Peu de temps après la manifestation « Unite the Right » à Charlottesville en 2017, le journaliste-citoyen Eliot Higgins annonce avoir détecté une opération massive lancée sur Internet par des trolls d'extrême droite, destinée à faire croire que des internautes antifascistes américains soutiendraient l'usage de la violence contre les femmes d’extrême droite[43]. Cette opération consisterait en une diffusion massive de tweets comportant des mèmes et des messages basés notamment sur des photos de femmes battues et des appels à la violence[44]. Higgins pense avoir repéré les préparatifs de cette opération sur le forum 4Chan. Le message originel posté sur ce forum anonyme donnait pour consignes de chercher des images de violences faites aux femmes, d’y ajouter le logo de groupes antifascistes et des slogans appelant à la violence, puis de les poster sur Twitter avec des hashtags habituellement utilisés par les antifascistes tels que #PunchANazi (frappez un nazi)[44]. Certains montages ont été directement diffusés par des trolls d'extrême droite et des figures de l'alt-right, d’autres l'ont été par des faux comptes Twitter d'antifascistes dédiés à la désinformation et créés en grand nombre.

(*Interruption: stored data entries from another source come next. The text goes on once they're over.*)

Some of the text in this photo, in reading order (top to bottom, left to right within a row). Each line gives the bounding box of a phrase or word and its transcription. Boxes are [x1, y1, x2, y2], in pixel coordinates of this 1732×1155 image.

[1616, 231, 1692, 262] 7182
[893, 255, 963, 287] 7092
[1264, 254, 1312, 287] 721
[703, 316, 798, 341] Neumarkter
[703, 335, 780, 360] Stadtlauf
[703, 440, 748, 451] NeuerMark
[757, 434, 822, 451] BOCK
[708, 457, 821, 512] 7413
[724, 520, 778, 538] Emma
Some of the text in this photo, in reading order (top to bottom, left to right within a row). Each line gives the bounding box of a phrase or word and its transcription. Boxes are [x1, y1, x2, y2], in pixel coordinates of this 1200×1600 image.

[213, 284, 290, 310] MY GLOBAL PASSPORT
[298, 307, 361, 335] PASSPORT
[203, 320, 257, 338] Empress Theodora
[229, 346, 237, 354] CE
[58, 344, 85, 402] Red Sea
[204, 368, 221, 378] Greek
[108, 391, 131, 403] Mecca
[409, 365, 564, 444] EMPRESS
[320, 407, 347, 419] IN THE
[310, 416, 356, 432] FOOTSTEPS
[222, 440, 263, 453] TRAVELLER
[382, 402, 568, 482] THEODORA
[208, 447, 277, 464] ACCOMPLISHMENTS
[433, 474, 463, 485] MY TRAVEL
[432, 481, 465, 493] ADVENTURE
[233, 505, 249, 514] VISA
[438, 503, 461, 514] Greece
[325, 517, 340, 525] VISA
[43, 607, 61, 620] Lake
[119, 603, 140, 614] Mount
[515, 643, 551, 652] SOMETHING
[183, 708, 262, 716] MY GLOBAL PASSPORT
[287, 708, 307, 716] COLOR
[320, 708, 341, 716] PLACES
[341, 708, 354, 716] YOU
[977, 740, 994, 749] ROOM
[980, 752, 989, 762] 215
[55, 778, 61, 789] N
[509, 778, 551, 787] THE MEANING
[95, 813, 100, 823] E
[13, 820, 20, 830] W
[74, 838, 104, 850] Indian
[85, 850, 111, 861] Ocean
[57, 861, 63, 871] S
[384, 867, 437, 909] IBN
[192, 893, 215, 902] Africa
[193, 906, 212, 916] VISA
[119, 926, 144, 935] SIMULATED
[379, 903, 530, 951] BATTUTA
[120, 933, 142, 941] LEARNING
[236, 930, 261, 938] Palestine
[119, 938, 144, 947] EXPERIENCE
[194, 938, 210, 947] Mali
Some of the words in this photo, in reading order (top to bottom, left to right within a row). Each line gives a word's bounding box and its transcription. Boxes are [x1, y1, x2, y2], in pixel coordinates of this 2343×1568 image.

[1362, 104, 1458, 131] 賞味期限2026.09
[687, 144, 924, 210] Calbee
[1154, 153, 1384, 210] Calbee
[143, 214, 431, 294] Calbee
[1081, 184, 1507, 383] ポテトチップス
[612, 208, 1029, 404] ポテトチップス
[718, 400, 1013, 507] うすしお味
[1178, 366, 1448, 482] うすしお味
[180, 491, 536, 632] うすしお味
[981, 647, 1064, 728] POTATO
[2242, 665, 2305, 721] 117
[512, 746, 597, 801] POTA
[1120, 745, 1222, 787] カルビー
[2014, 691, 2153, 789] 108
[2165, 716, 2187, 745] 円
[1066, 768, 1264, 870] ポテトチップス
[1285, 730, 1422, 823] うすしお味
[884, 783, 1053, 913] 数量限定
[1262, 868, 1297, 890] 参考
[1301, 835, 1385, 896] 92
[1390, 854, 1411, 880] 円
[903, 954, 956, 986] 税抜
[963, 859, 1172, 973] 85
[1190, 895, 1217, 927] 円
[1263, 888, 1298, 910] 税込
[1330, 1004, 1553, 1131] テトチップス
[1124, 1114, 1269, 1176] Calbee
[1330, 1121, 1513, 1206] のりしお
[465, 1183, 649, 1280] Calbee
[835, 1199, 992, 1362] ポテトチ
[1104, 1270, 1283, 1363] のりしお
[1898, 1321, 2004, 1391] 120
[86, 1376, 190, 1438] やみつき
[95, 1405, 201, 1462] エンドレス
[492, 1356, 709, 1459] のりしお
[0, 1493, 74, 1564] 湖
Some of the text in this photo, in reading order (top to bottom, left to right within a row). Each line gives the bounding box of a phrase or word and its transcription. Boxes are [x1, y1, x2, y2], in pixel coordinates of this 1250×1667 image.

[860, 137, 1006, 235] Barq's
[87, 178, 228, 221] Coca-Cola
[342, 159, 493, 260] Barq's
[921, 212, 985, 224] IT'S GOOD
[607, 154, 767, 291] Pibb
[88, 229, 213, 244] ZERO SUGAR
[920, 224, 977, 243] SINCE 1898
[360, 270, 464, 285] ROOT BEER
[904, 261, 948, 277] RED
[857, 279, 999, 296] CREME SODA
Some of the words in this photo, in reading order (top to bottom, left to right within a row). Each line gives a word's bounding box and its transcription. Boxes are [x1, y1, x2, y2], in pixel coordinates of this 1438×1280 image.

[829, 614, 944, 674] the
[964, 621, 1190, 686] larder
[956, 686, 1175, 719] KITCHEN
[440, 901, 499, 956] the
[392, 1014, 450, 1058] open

Selon Le Monde, « la violence des militants antifascistes est un thème récurrent dans les discussions de l’alt-right, qui se plaît à désigner ses opposants par le terme « alt-left ». Les déclarations de Donald Trump en réaction au drame de Charlottesville, qui a mis sur le même plan les contre-manifestants antiracistes et les suprémacistes blancs, vont dans ce sens »[45].

L'alt-right cible notamment un public de jeunes hommes désabusés et vulnérables, « transformant leurs peurs et leur haine de soi en extrémisme au vitriol » selon The Outline[46].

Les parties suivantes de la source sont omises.